The decree of sale appointed the circuit court clerk to conduct the sale, pursuant to the following relevant terms and conditions:
That the property shall be sold on Saturday, July 19, 2008, at 10:00 a.m., on the site of the real property, pursuant to advertisement, and the Clerk shall sell said real property to the highest and best bidder that is certified to be a qualified buyer by a Federally insured lending institution within ten (10) days prior to the sale, for cash, in bar of all rights of redemption. Upon confirmation by the Court, title of the purchaser shall be absolute.
That the terms of the sale shall be ten percent (10%) down on the day of sale, with the remainder due at closing, with the closing to take place within thirty (30) days.

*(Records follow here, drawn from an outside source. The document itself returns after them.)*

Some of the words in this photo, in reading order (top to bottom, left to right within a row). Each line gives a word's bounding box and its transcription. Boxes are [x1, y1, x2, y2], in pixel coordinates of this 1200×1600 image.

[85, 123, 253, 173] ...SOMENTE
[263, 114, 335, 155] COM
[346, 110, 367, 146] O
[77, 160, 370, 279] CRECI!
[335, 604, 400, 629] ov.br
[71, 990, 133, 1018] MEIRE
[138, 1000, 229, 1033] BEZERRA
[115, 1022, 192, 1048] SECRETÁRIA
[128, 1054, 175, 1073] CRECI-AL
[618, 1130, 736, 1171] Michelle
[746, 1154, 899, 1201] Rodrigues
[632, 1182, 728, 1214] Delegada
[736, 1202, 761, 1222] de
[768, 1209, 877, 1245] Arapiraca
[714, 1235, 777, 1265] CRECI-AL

(Bold print in original). The court clerk filed a "notice of sale of land" with the pertinent information and details on May 29, 2008. A hearing on several issues pertaining to the auction was held on June 17, 2008. In the resulting order, the court noted that the parties had agreed to use Marty Loveday Associates, a real estate and auction firm, as the auctioneer for the sale. The order further provides, in relevant portion:
The hearing transcript is not included in the appellate record.
That the buyers at the sale to be conducted by Marty Loveday Associates shall be qualified in the manner that Marty Loveday customarily requires, which amends the pre-qualification requirements set forth in the Court's Orders of May 12, 2008.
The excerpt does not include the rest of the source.